Clone the repository and enter horizontal_text_detection directory

git clone https://github.com/openvinotoolkit/model_server.git
cd model_server/demos/horizontal_text_detection/python

Install required packages:

pip3 install -r requirements.txt

Start the client

python3 horizontal_text_detection.py --grpc_address localhost --grpc_port 9000

You can also change the camera ID:

python3 horizontal_text_detection.py --grpc_address localhost --grpc_port 9000 --video_source 0

Or choose to work with video file as well:

python3 horizontal_text_detection.py --grpc_address localhost --grpc_port 9000 --video_source ~/video.mp4

Example output:

Initializing requesting thread index: 0
Initializing requesting thread index: 1
Initializing requesting thread index: 2
Initializing requesting thread index: 3
Launching requesting thread index: 0
Launching requesting thread index: 1
Launching requesting thread index: 2
Launching requesting thread index: 3
ThreadID:   0; Current FPS:    31.25; Average FPS:    25.64; Average latency:   140.98ms
ThreadID:   1; Current FPS:    31.23; Average FPS:    25.67; Average latency:   136.36ms
ThreadID:   2; Current FPS:    29.41; Average FPS:    25.70; Average latency:   130.88ms
ThreadID:   3; Current FPS:    30.30; Average FPS:    25.73; Average latency:   135.65ms
...

Note

Video source is cropped to 704x704 resolution to match model input size.

Recognize Detected Text with OCR Pipeline

Optical Character Recognition (OCR) pipeline based on horizontal text detection model, text recognition combined with a custom node implementation can be used with the same python script used before. OCR pipeline provides location of detected text boxes on the image and additionaly recognized text for each box.

horizontal text detection using OCR pipeline

Prepare workspace to run the demo

To successfully deploy OCR pipeline you need to have a workspace that contains:

Clone the repository and enter horizontal_text_detection directory

git clone https://github.com/openvinotoolkit/model_server.git
cd model_server/demos/horizontal_text_detection/python

You can prepare the workspace that contains all the above by just running make command. Since custom node used in this demo is included in OpenVINO Model Server image you can either use the custom node from the image, or build one.

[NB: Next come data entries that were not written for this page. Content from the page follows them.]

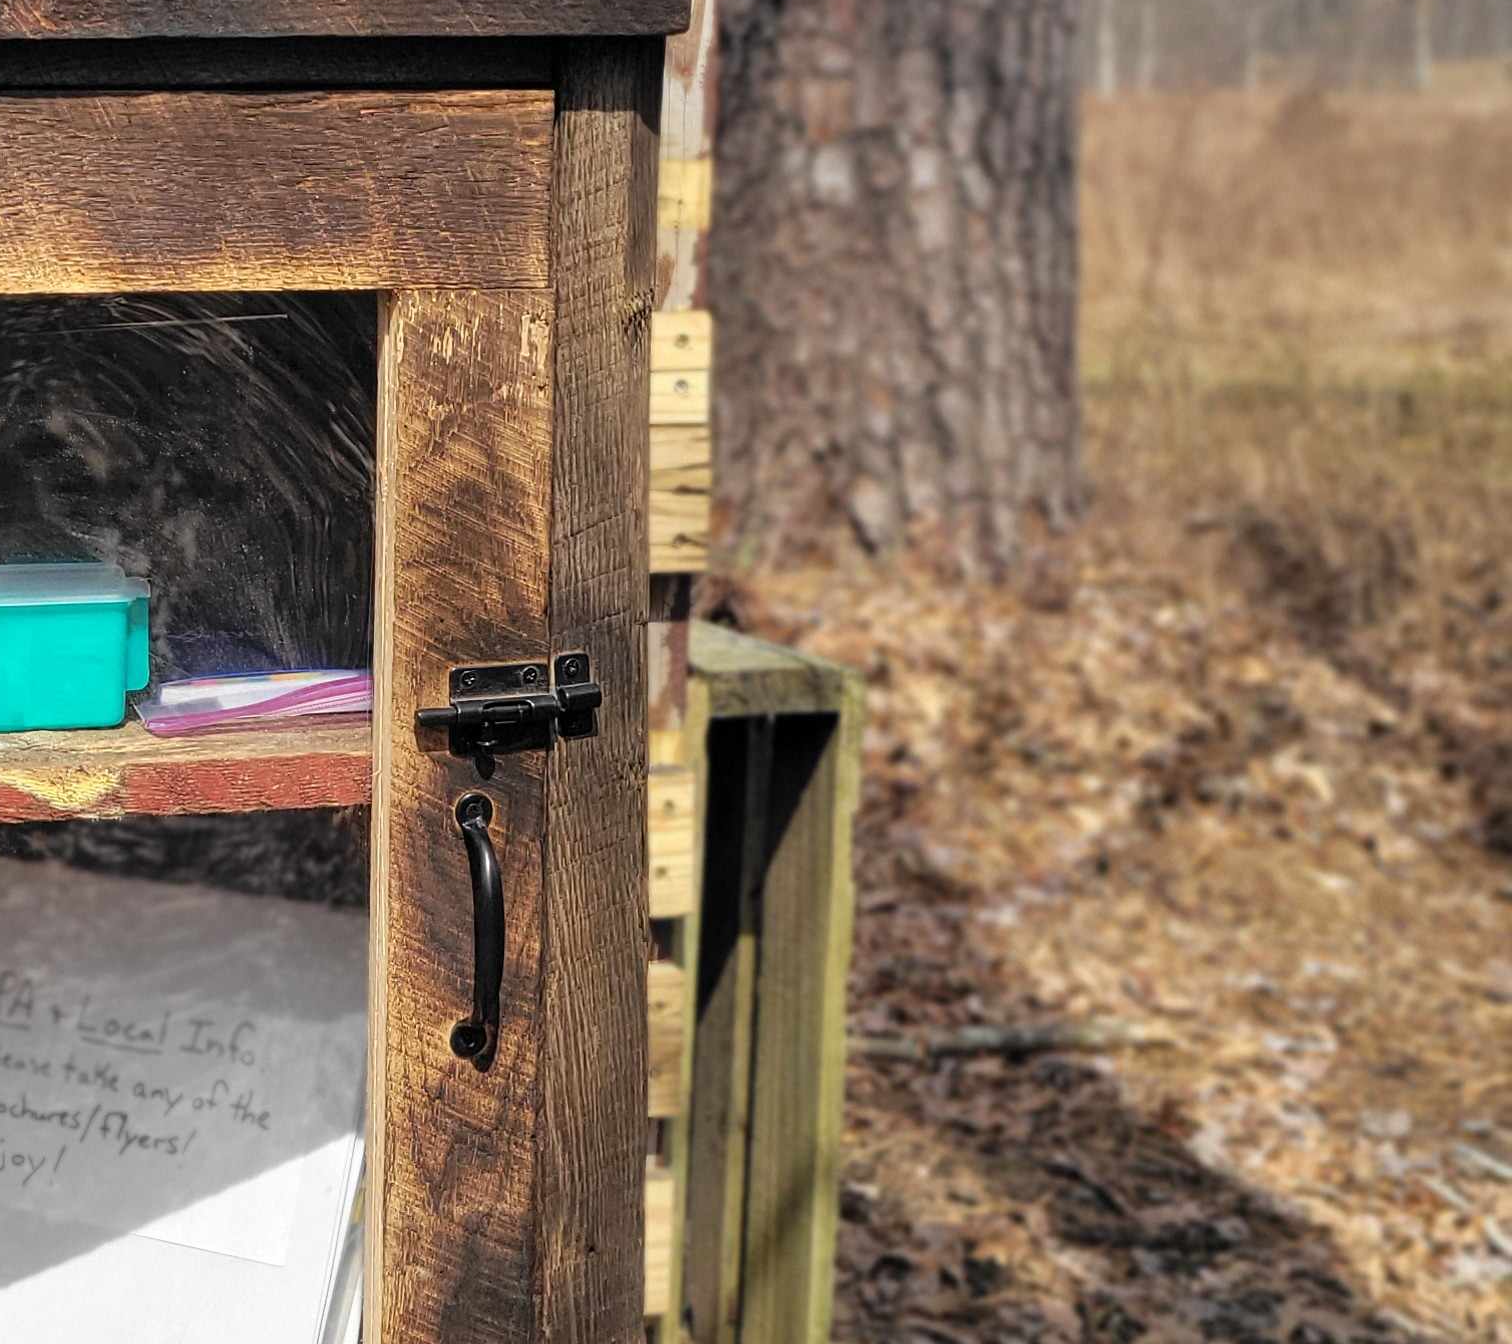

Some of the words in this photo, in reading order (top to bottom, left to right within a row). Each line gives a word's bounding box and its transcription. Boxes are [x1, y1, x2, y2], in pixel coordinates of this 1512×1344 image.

[76, 994, 172, 1046] Local
[63, 1053, 119, 1093] take
[132, 1080, 183, 1117] any
[191, 1078, 230, 1112] of
[229, 1087, 271, 1131] the
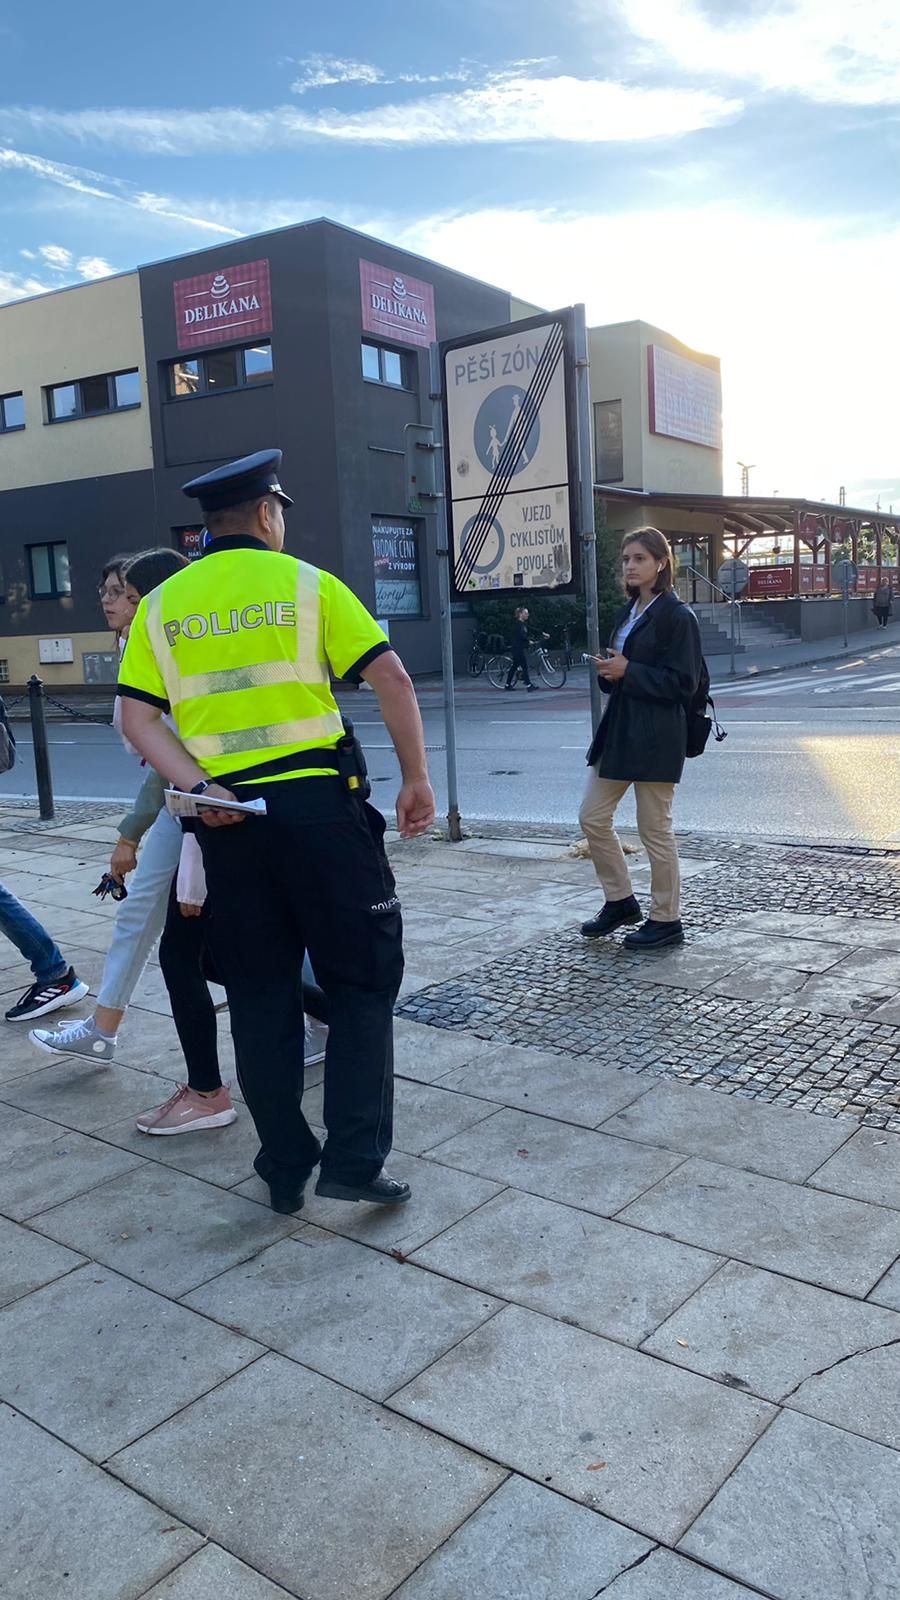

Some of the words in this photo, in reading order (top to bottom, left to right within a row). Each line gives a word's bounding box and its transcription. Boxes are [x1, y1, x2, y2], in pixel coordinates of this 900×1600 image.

[184, 295, 261, 325] DELIKANA
[371, 293, 427, 326] DELIKANA
[455, 350, 496, 386] PĚŠÍ
[501, 342, 546, 375] ZÓN
[521, 504, 552, 523] VJEZD
[405, 528, 414, 536] ZA
[509, 523, 565, 548] CYKLISTŮM
[393, 560, 415, 570] VÝROBY
[163, 601, 296, 647] POLICIE
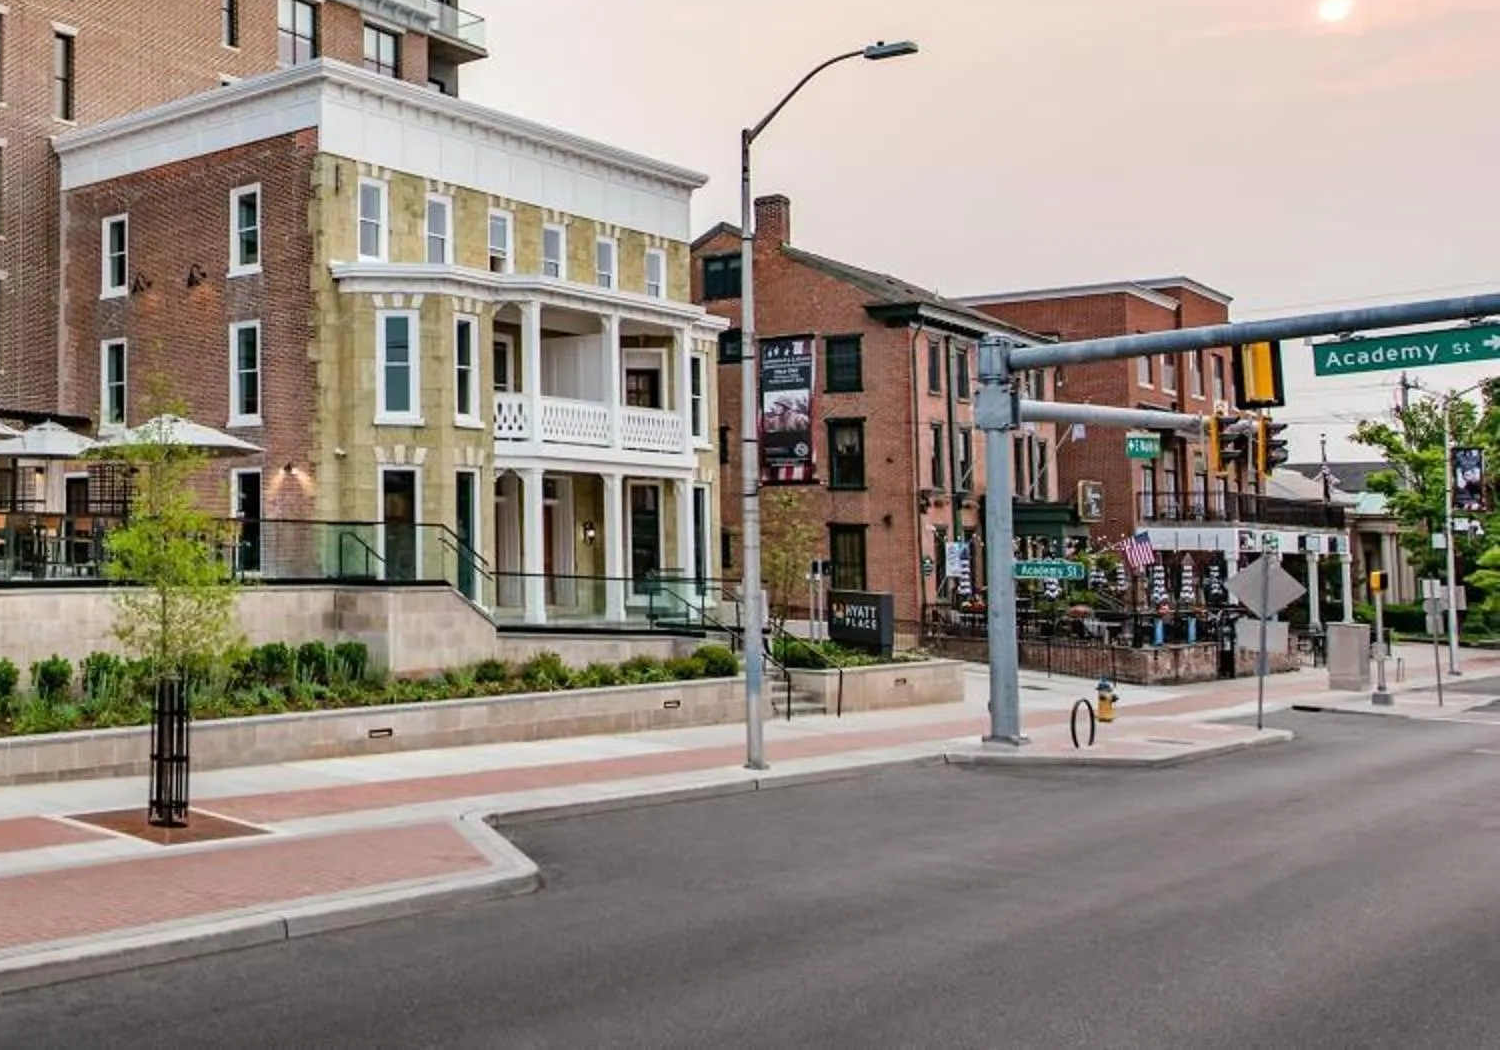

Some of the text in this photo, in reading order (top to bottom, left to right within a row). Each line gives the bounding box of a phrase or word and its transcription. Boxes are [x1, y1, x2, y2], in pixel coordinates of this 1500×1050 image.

[1325, 341, 1471, 368] Academy St
[845, 603, 876, 618] HYATT
[845, 617, 877, 630] PLACE
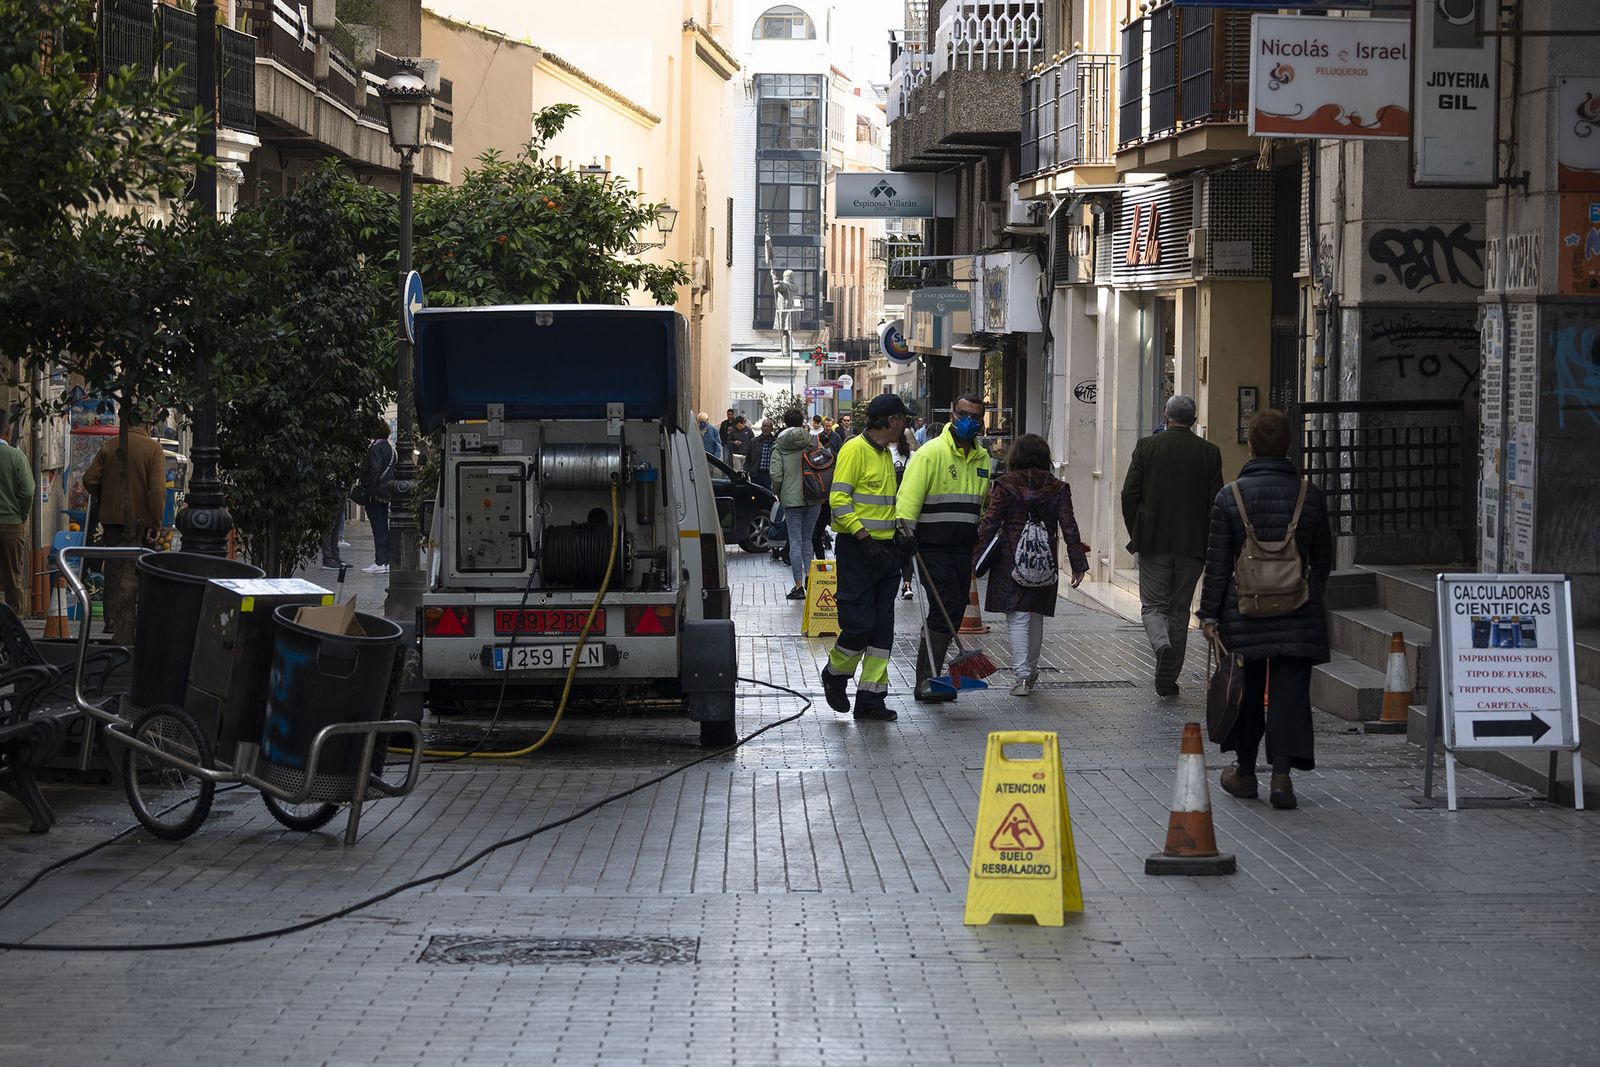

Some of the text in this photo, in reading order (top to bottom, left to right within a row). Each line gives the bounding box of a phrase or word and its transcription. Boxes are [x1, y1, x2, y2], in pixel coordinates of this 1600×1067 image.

If you just want to quickly run this demo and use already compiled custom node, run:

make

Once the make procedure is finished, you should have workspace directory ready with the following content.

workspace/
├── config.json
├── horizontal-text-detection-0001
   └── 1
       ├── horizontal-text-detection-0001.bin
       └── horizontal-text-detection-0001.xml
└── text-recognition-0014
    └── 1
        ├── text-recognition-0014.bin
        └── text-recognition-0014.xml

If you modified the custom node or for some other reason, you want to have it compiled and then attached to the container, run:

make BUILD_CUSTOM_NODE=true

Once the make procedure is finished, you should have workspace directory ready with the following content.

workspace/
├── config.json
├── horizontal-text-detection-0001
   └── 1
       ├── horizontal-text-detection-0001.bin
       └── horizontal-text-detection-0001.xml
├── lib
   └── libcustom_node_horizontal_ocr.so
└── text-recognition-0014
    └── 1
        ├── text-recognition-0014.bin
        └── text-recognition-0014.xml

Deploying OVMS

Deploy OVMS with faces analysis pipeline using the following command:

docker run -p 9000:9000 -d -v ${PWD}/workspace:/workspace openvino/model_server --config_path /workspace/config.json --port 9000

Sending Request to the Server

Install python dependencies:

pip3 install -r requirements.txt

Start the client

python3 horizontal_text_detection.py --grpc_address localhost --grpc_port 9000 --use_case ocr

You can also change the camera ID:

python3 horizontal_text_detection.py --grpc_address localhost --grpc_port 9000 --use_case ocr --video_source 0

Or choose to work with video file as well:

python3 horizontal_text_detection.py --grpc_address localhost --grpc_port 9000 --use_case ocr --video_source ~/video.mp4

Example output:

Initializing requesting thread index: 0
Initializing requesting thread index: 1
Initializing requesting thread index: 2
Initializing requesting thread index: 3
Launching requesting thread index: 0
Launching requesting thread index: 1
Launching requesting thread index: 2
Launching requesting thread index: 3
ThreadID:   0; Current FPS:    31.25; Average FPS:    25.64; Average latency:   140.98ms
ThreadID:   1; Current FPS:    31.23; Average FPS:    25.67; Average latency:   136.36ms
ThreadID:   2; Current FPS:    29.41; Average FPS:    25.70; Average latency:   130.88ms
ThreadID:   3; Current FPS:    30.30; Average FPS:    25.73; Average latency:   135.65ms
...